Naini Central Prison
- Interactive map of Naini Central Prison
- Location: Naini, India;
- Status: Open
- Security class: High security
- Capacity: 3,000
- Managed by: Uttar Pradesh Police

= Naini Central Jail =

Prison in Uttar Pradesh, India

Naini Central Prison or Naini Jail at Naini, Prayagraj, is one of the most important correctional Institutions in Uttar Pradesh, built during the British Raj.

==Independence movement==
The prison played a large role in the pre-independence era, when many freedom fighters, including Motilal Nehru (1930), Pt. Jawaharlal Nehru (the first prime minister of India), Govind Ballabh Pant, Narendra Dev, Rafi Ahmed Kidwai, Hasrat Mohani were imprisoned there during Indian independence movement. During his stay, Nehru wrote a series of letters to his young daughter Indira from the prison, starting on her thirteenth birthday until 9 August 1933. These were later published as Glimpses of World History.

On 1 March 1941, Mahatma Gandhi visited the prison, to see imprisoned freedom fighters Vijayalakshmi Pandit and Abul Kalam Azad.

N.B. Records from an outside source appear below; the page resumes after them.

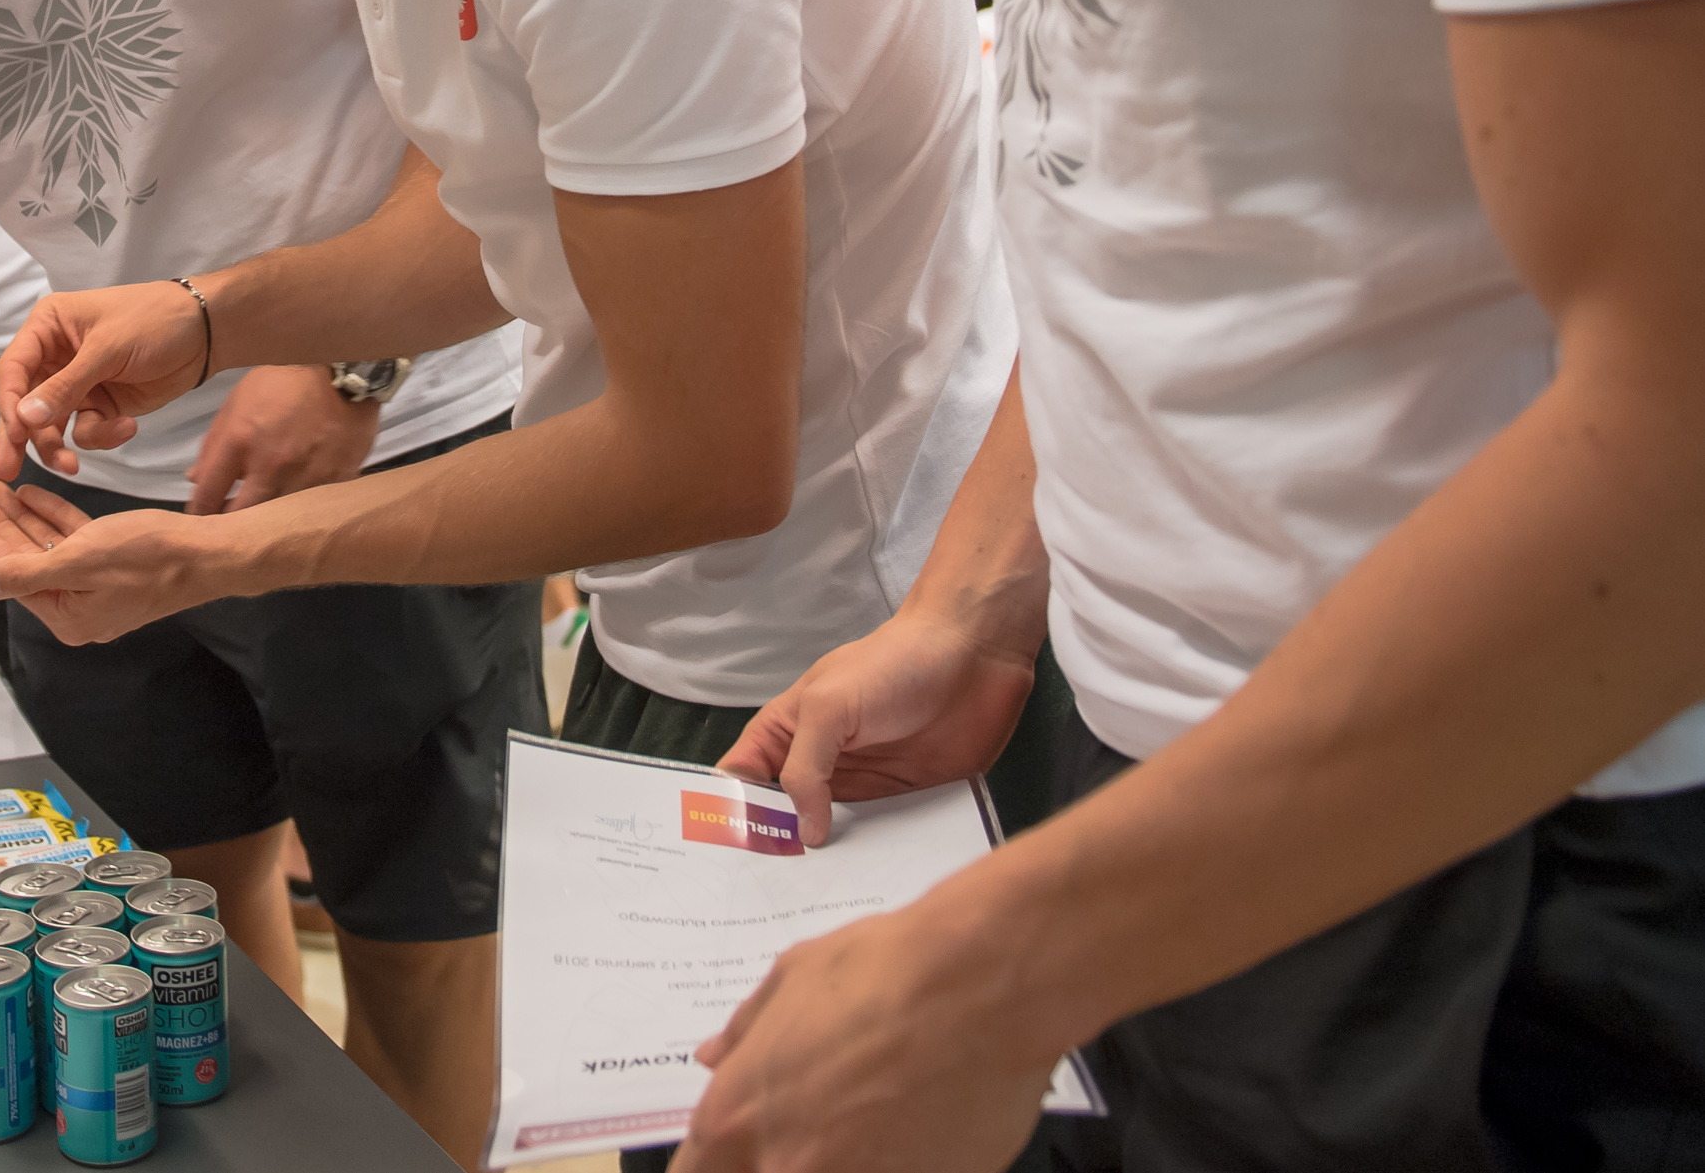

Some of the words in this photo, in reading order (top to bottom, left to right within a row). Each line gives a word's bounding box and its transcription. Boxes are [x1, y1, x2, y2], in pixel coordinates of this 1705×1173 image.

[617, 911, 708, 929] klubowego
[553, 953, 590, 968] 2018
[156, 964, 216, 985] OSHEE
[153, 981, 219, 1005] vitamin
[153, 1000, 221, 1029] SHOT
[155, 1029, 220, 1050] MAGNEZ+B6
[581, 1053, 690, 1075] kowiak

Indira Gandhi herself (later prime minister of India) was arrested along with her husband Feroze Gandhi and spent her prison term in Naini, from 11 September 1942 until 13 May 1943.

==Issues==
The prison has witnessed security concerns as it houses not just a few members of parliament, but sharpshooters and gang lords from Purvanchal, including Sujeet Belwa and Rajesh Yadav, and rumours that gang wars were being raged from inside the prison. Many militants belonging to the Jaish-e-Mohammad and Lashkar-e-Taiba are also imprisoned here.

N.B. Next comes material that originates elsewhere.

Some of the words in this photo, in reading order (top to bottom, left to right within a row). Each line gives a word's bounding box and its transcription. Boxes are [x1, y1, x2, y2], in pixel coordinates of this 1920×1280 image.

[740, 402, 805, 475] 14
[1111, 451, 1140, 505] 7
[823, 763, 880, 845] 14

In 2008, 97 prisoners who had already completed their sentences wrote to the president of India asking to be euthanised. That same year, 17 inmates died over a period of five months, and as many as 239 inmates were found to be suffering from ailments like tuberculosis, scabies and water-borne diseases, forcing the government to implement improved health services available to the incarcerated.